4

I am developing a Siamese Network for Face Recognition using Keras for 224x224x3 sized images. The architecture of a Siamese Network is like this:

Structure of Siamese Network

For the CNN model, I am thinking of using the InceptionV3 model which is already pretrained in the Keras.applications module.

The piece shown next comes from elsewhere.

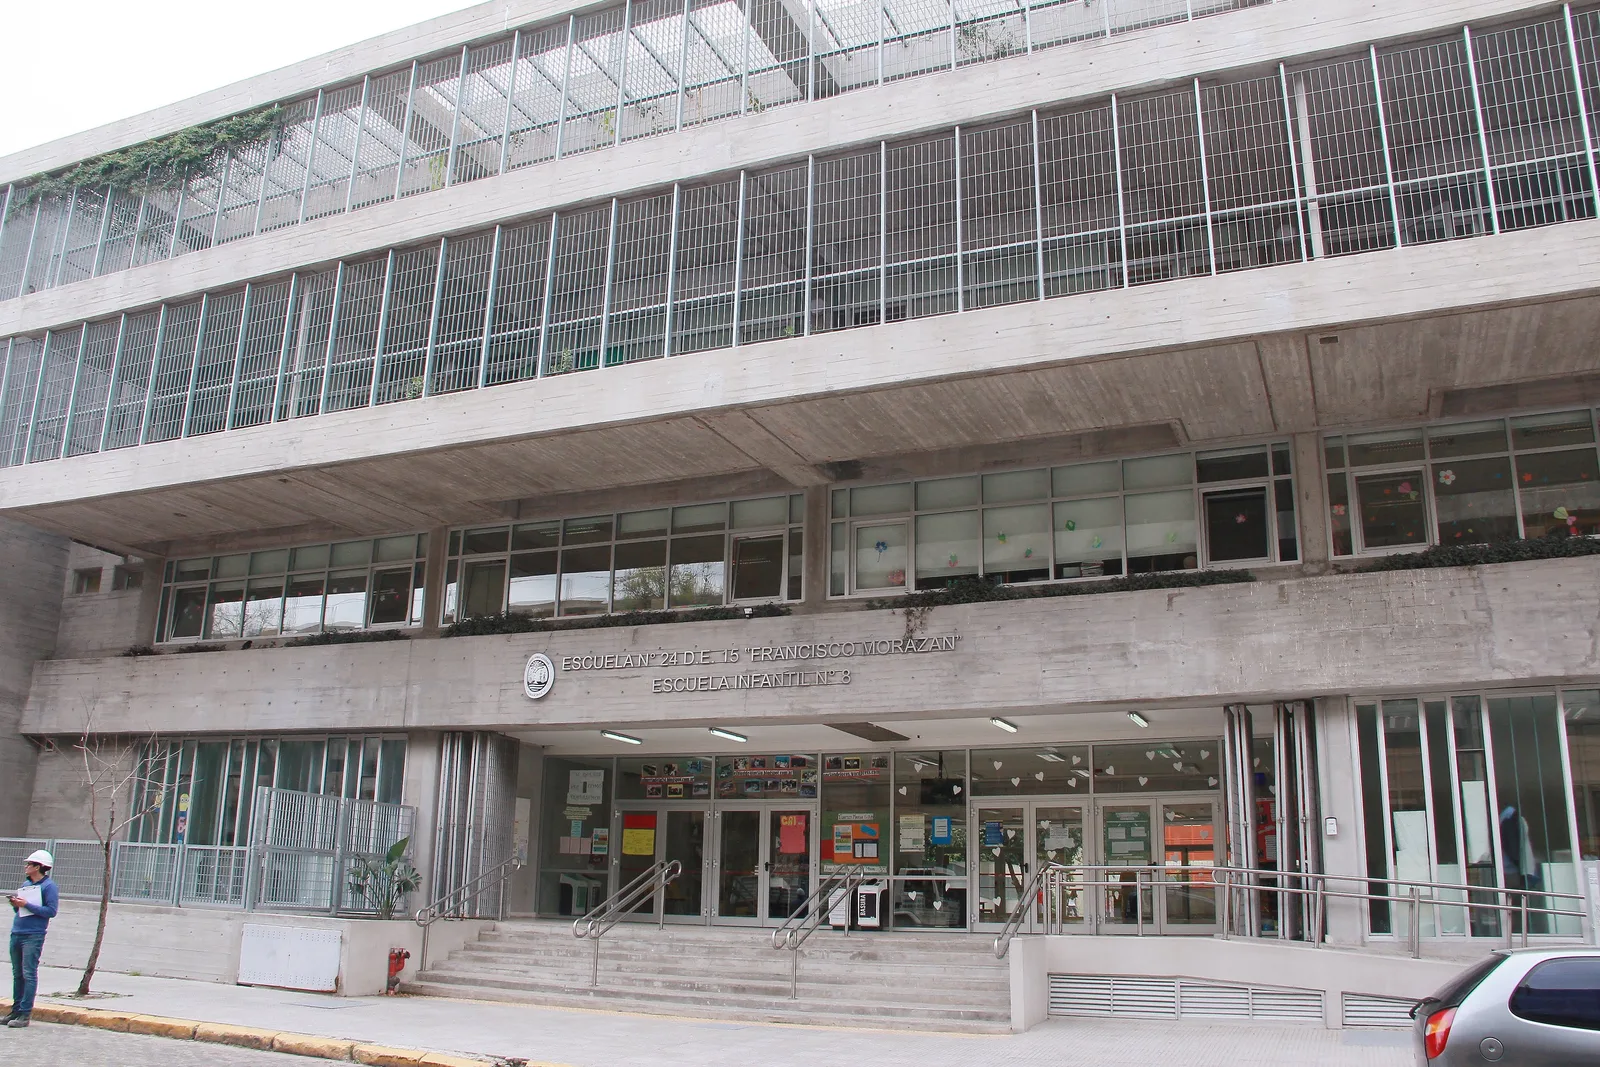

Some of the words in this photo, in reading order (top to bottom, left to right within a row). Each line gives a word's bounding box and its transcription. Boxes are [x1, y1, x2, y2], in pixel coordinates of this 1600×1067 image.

#Assume all the other modules are imported correctly

from keras.applications.inception_v3 import InceptionV3

IMG_SHAPE=(224,224,3)

def return_siamese_net():

  left_input=Input(IMG_SHAPE)
  right_input=Input(IMG_SHAPE)

  model1=InceptionV3(include_top=False, weights="imagenet", input_tensor=left_input) #Left SubConvNet
  model2=InceptionV3(include_top=False, weights="imagenet", input_tensor=right_input) #Right SubConvNet

  #Do Something here

  distance_layer = #Do Something
  prediction = Dense(1,activation='sigmoid')(distance_layer) # Outputs 1 if the images match and 0 if it does not

  siamese_net = #Do Something  
  return siamese_net

model=return_siamese_net()
  

I get error since the model is pretrained, and I am now stuck at implementing the Distance Layer for the Twin Network.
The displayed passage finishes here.